◆ PROBLEM ◆
Leave the pictures aside and copy all the data exactly.

◆ EXCERPTED DATA ◆
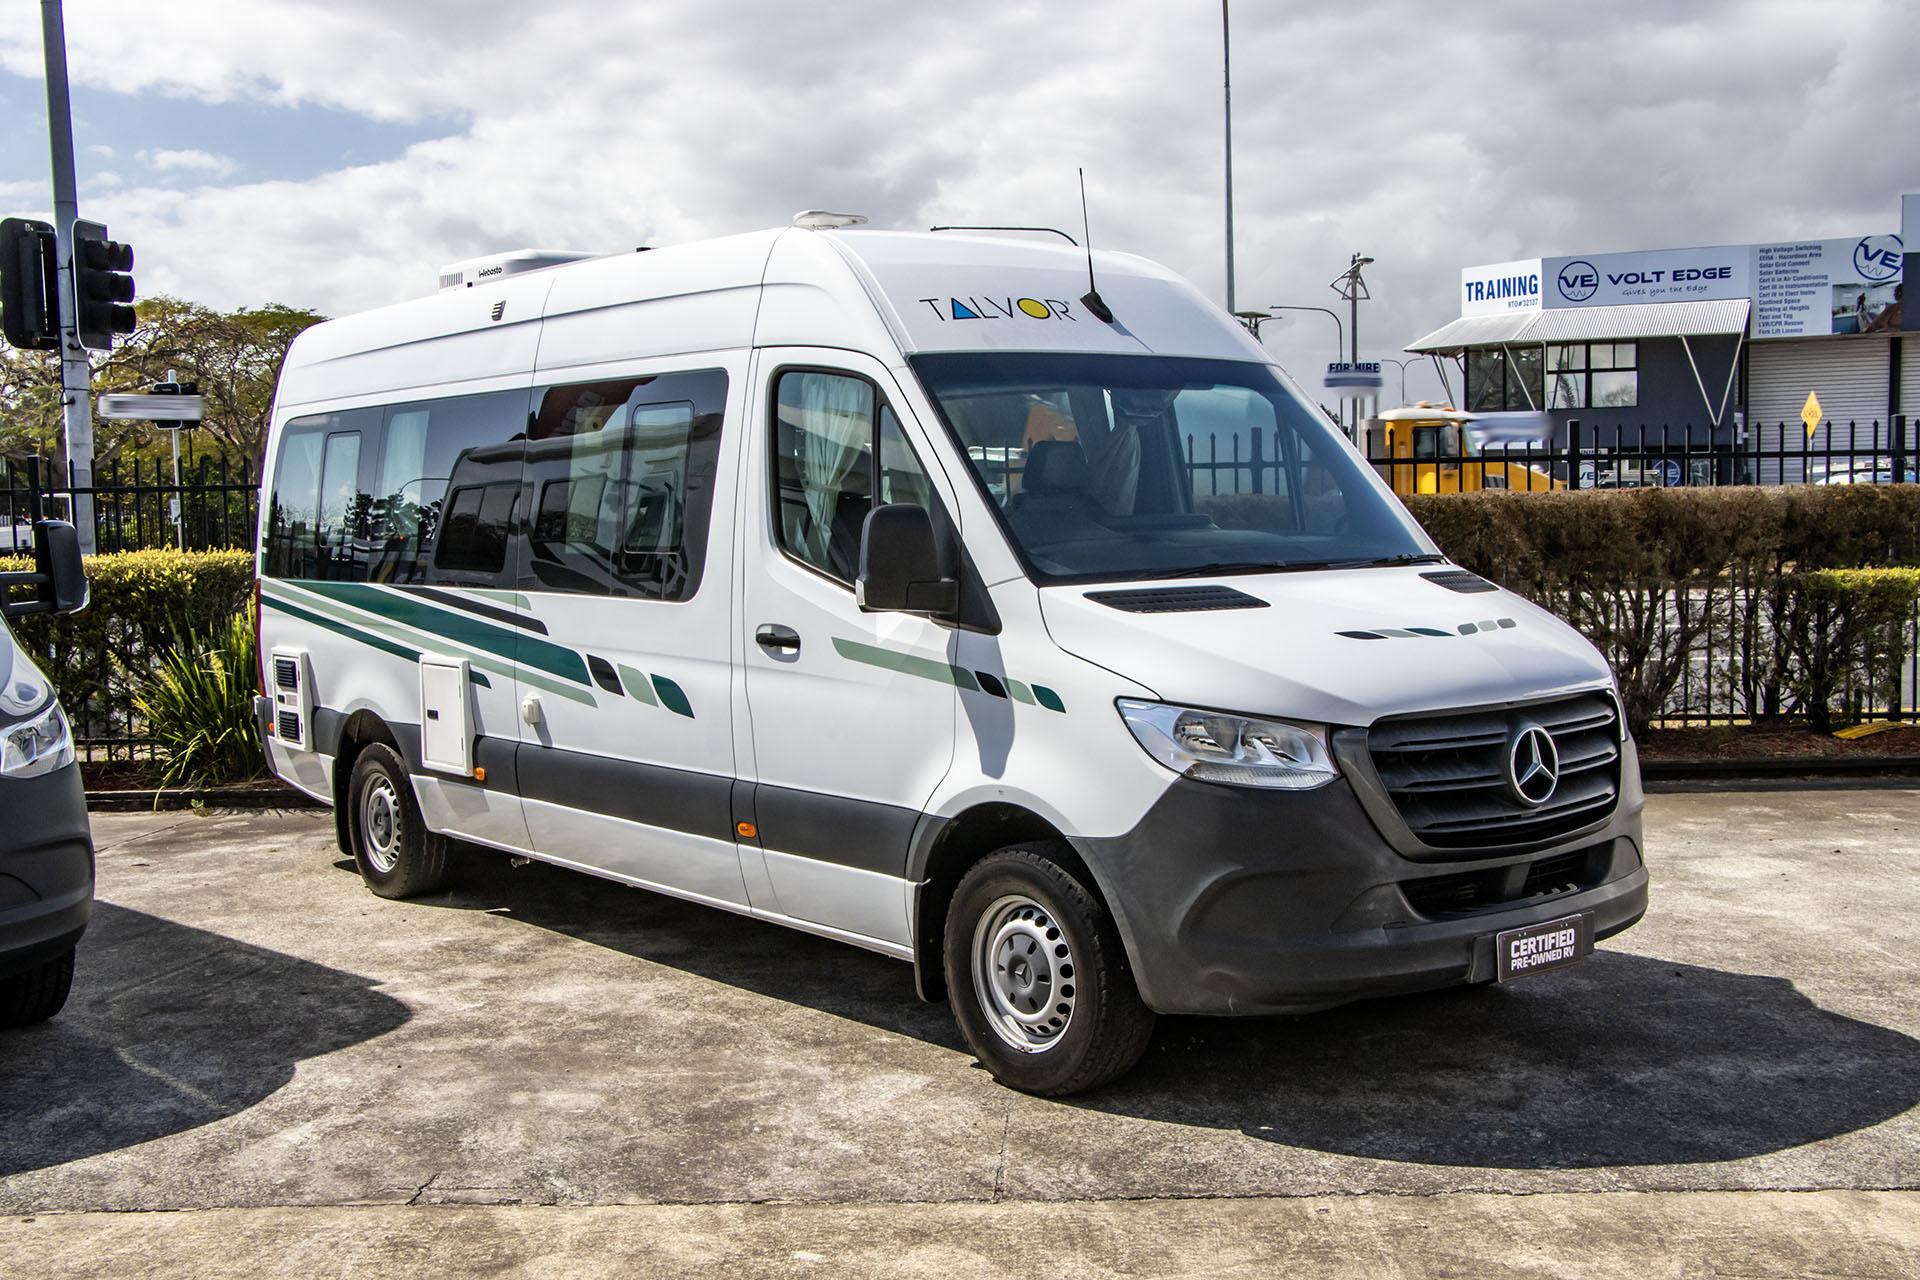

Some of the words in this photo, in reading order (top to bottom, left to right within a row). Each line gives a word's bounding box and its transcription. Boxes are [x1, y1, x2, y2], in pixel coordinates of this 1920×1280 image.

[1859, 242, 1902, 270] VE
[478, 266, 502, 278] Webasto
[1559, 274, 1598, 289] VE
[1607, 270, 1666, 286] VOLT
[1672, 266, 1732, 282] EDGE
[1465, 274, 1538, 302] TRAINING
[1622, 287, 1646, 297] Gives
[1650, 287, 1666, 298] you
[1686, 284, 1708, 294] Edge
[918, 296, 1077, 321] TALVOR
[1508, 298, 1539, 309] RTO#32137
[1328, 363, 1350, 373] FOR
[1354, 362, 1380, 373] HIRE
[1511, 928, 1575, 958] CERTIFIED
[1511, 948, 1562, 971] PRE-OWNED
[1563, 945, 1575, 958] RV

◆ THE COMPLETED TASK ◆
Some of the words in this photo, in reading order (top to bottom, left to right within a row). Each line gives a word's bounding box and its transcription. Boxes are [x1, y1, x2, y2], in pixel coordinates of this 1920×1280 image.

[1859, 242, 1902, 270] VE
[478, 266, 502, 278] Webasto
[1559, 274, 1598, 289] VE
[1607, 270, 1666, 286] VOLT
[1672, 266, 1732, 282] EDGE
[1465, 274, 1538, 302] TRAINING
[1622, 287, 1646, 297] Gives
[1650, 287, 1666, 298] you
[1686, 284, 1708, 294] Edge
[918, 296, 1077, 321] TALVOR
[1508, 298, 1539, 309] RTO#32137
[1328, 363, 1350, 373] FOR
[1354, 362, 1380, 373] HIRE
[1511, 928, 1575, 958] CERTIFIED
[1511, 948, 1562, 971] PRE-OWNED
[1563, 945, 1575, 958] RV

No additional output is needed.